(Record extracts)
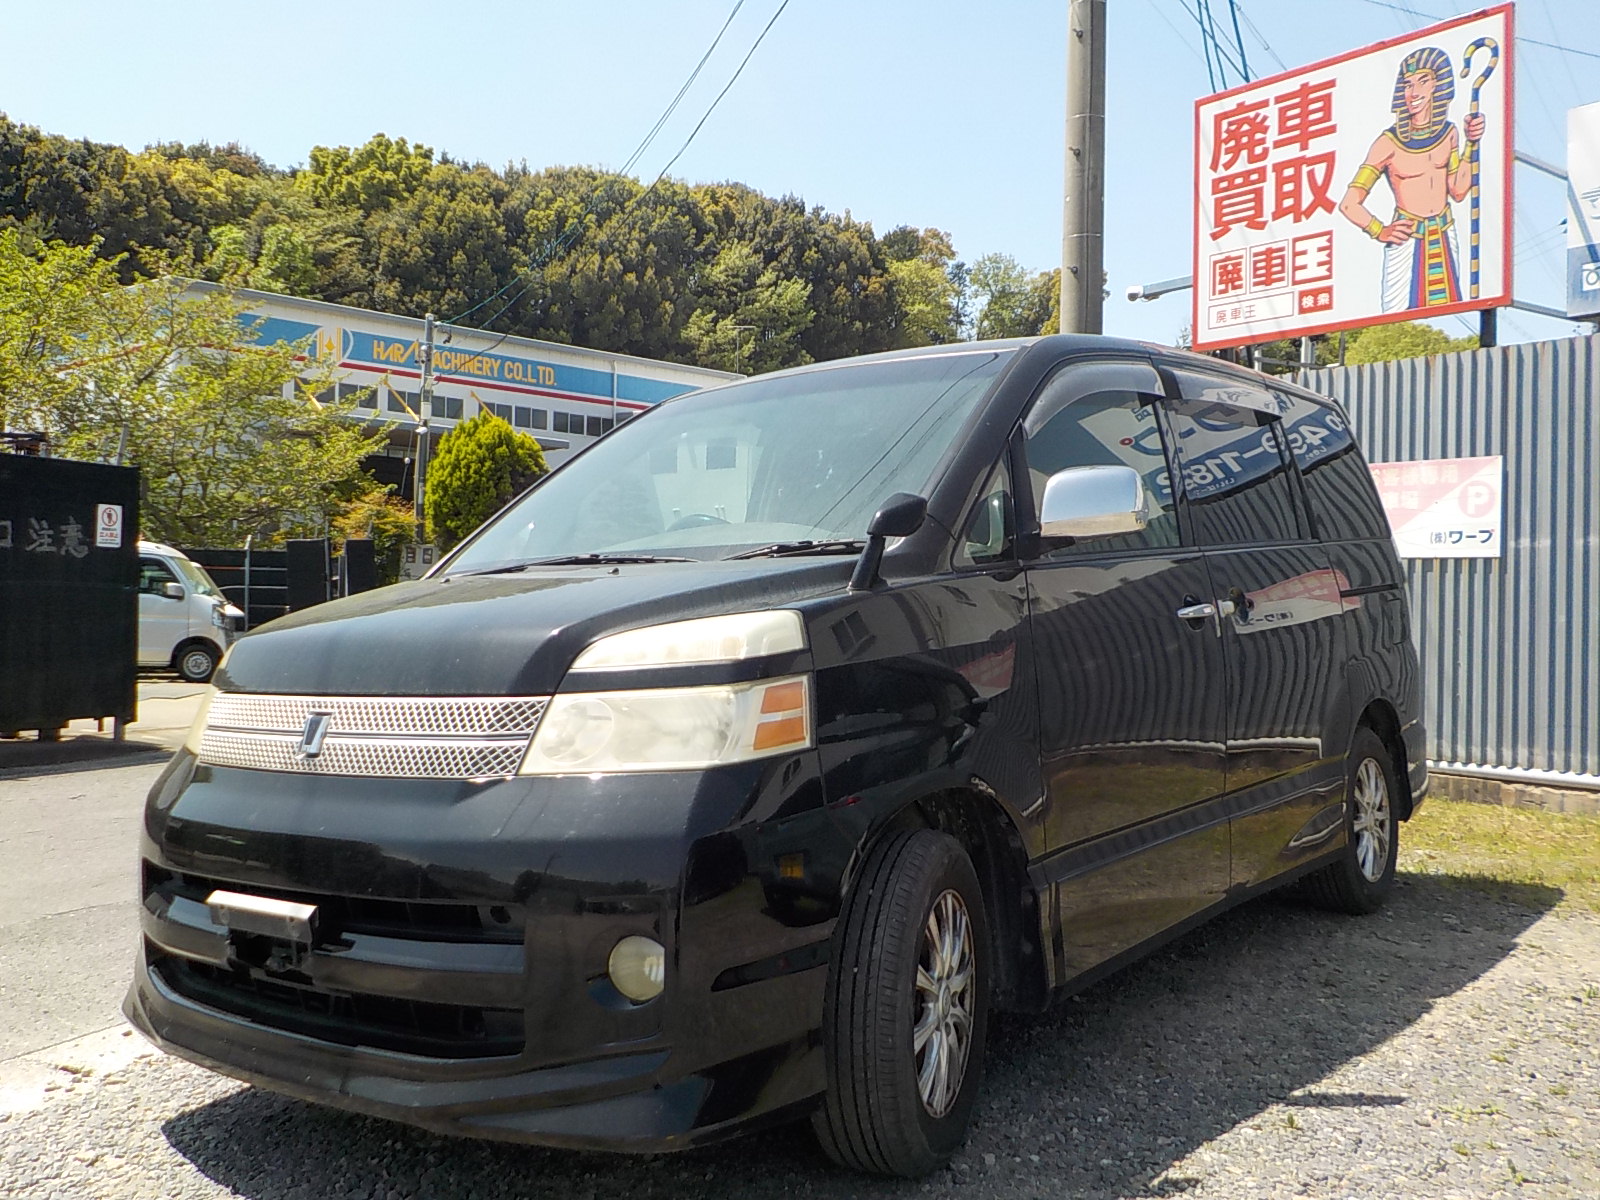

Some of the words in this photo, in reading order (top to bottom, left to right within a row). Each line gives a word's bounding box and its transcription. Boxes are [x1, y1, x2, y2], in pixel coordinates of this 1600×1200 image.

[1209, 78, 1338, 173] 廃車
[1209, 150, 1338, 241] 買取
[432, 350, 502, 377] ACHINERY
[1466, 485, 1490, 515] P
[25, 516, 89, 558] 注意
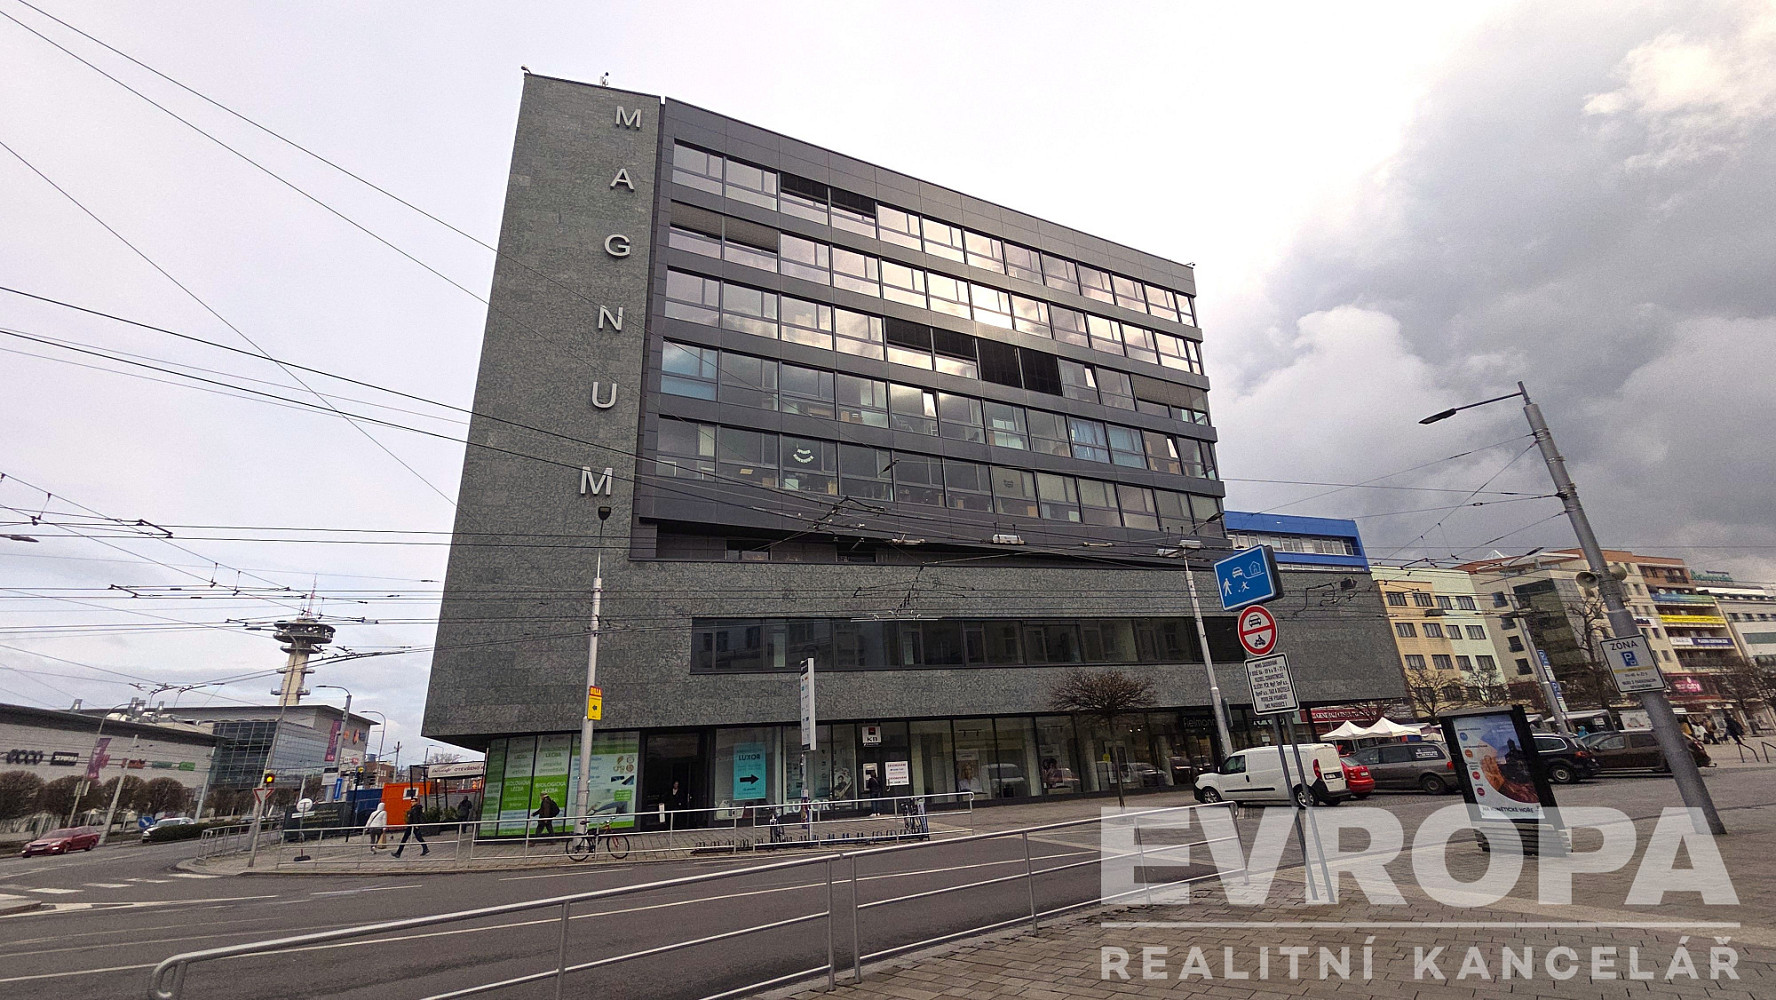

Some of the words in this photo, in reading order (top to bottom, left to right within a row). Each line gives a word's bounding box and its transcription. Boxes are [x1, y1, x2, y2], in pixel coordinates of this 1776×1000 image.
(End Record extracts)
## Problem to work on:
Retype the data above as given, letting no picture into the copy.

## Answer box:
Some of the words in this photo, in reading order (top to bottom, left to right within a row). Each line gives a word's bounding box and its transcription. Boxes are [x1, y1, x2, y2], in pixel coordinates of this 1600×1200 image.

[1209, 78, 1338, 173] 廃車
[1209, 150, 1338, 241] 買取
[432, 350, 502, 377] ACHINERY
[1466, 485, 1490, 515] P
[25, 516, 89, 558] 注意

Some of the words in this photo, in reading order (top to bottom, left to right within a row). Each line gives a word's bounding box and its transcription. Boxes are [x1, y1, x2, y2], in pixel coordinates of this 1776×1000 image.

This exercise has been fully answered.